Visualizing Lattice Conformation of RNA Secondary Structure
We implemented a 3D visualization program that, given a sequence of RNA bases and a turn sequence of lattice directions, decodes a lattice conformation of the RNA sequence from the turn sequence, and displays the RNA structure in the ball-and-stick model: each base is represented as a ball; two consecutive bases in the sequences are connected by a stick. Optionally, two complementary bases adjacent in the lattice conformation (thus forming a base pair) are connected by a line segment. All figures of RNA structures included in this paper are actual screenshots of our visualization program.
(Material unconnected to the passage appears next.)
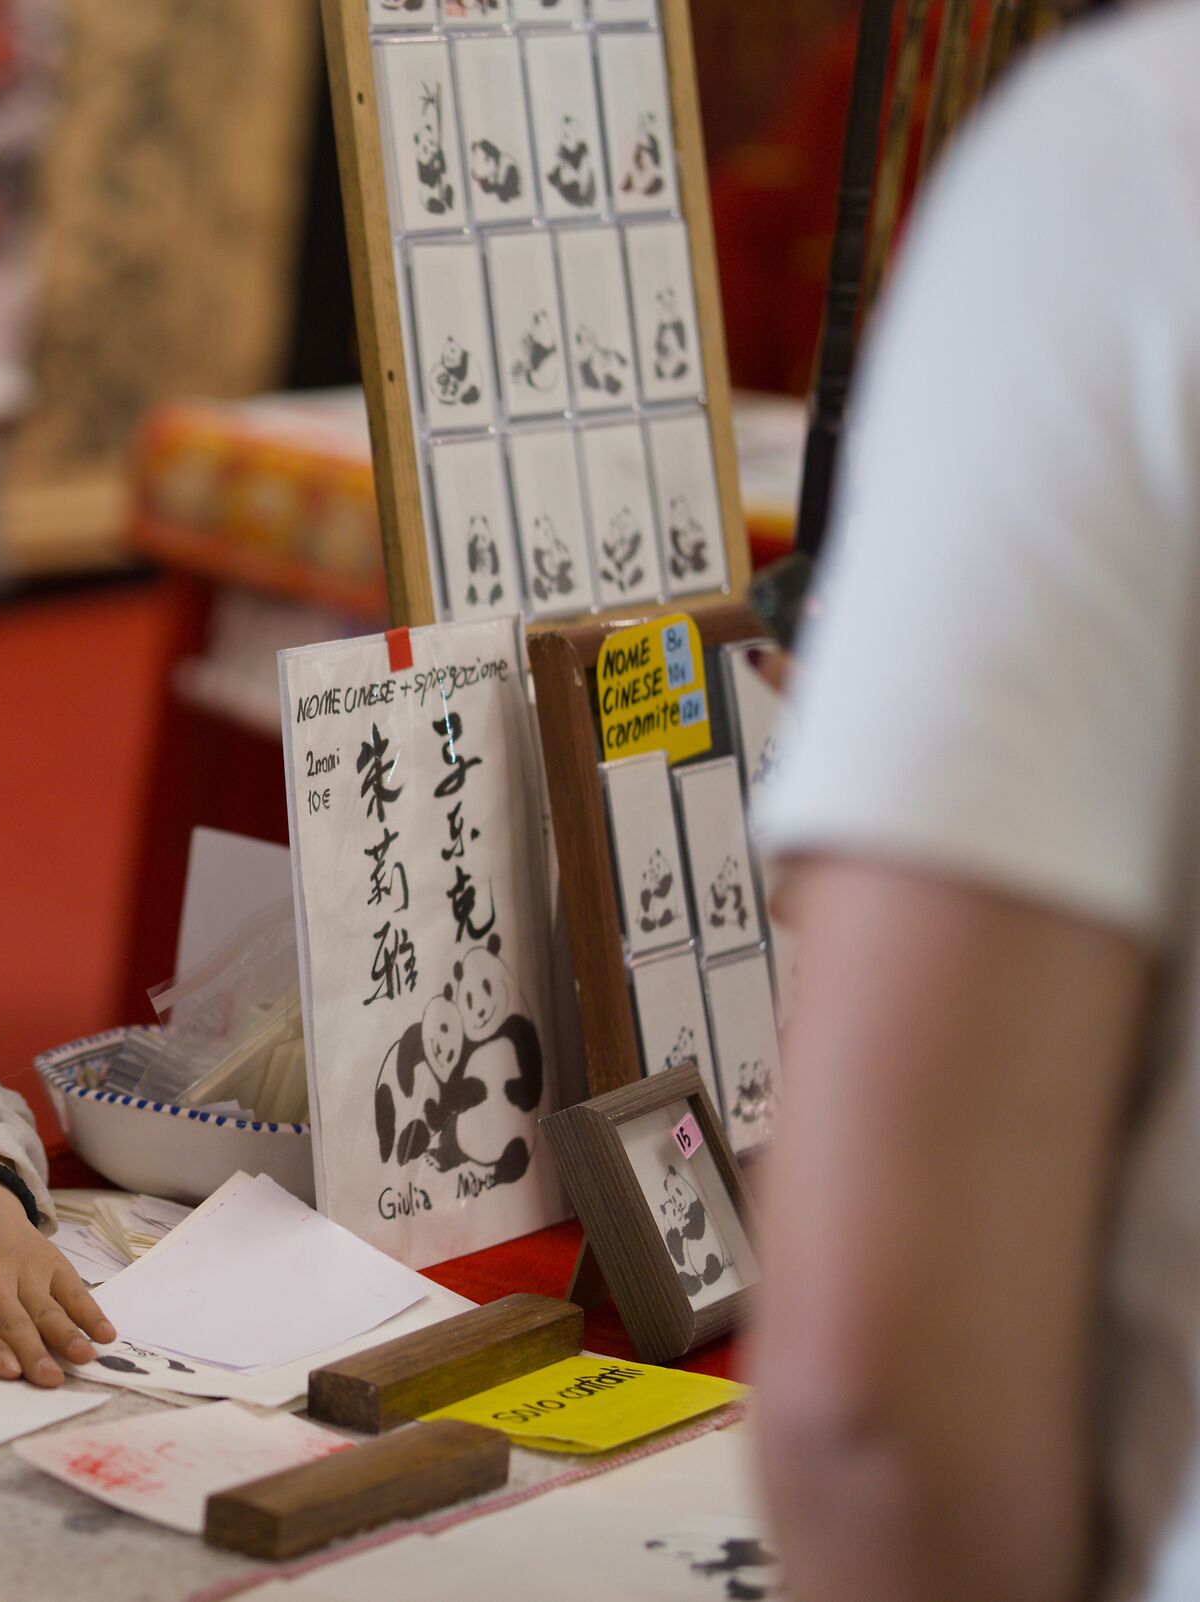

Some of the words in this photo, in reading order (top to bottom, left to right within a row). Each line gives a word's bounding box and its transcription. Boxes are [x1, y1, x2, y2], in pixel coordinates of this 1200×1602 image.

As we would expect from a typical 3D visualization program, the user is able to rotate, zoom, and adjust the 3D view using mouse and keyboard. Moreover, the user can manipulate the RNA structure interactively, by executing pull moves, and save the modified structure in a file. The most attractive feature of our visualization program is perhaps its ability to play RNA folding movies [58, 59]. Each frame of animation corresponds to an incremental change to the lattice conformation due to a single pull move. The whole sequence of pull moves for the movie can be read either from a file, in which each line contains two numbers for the base index and the lattice direction of a pull move, or directly from the output of a running annealing procedure, in real time. As we observed in bioinformatics classrooms, the visualization program is a great pedagogic device.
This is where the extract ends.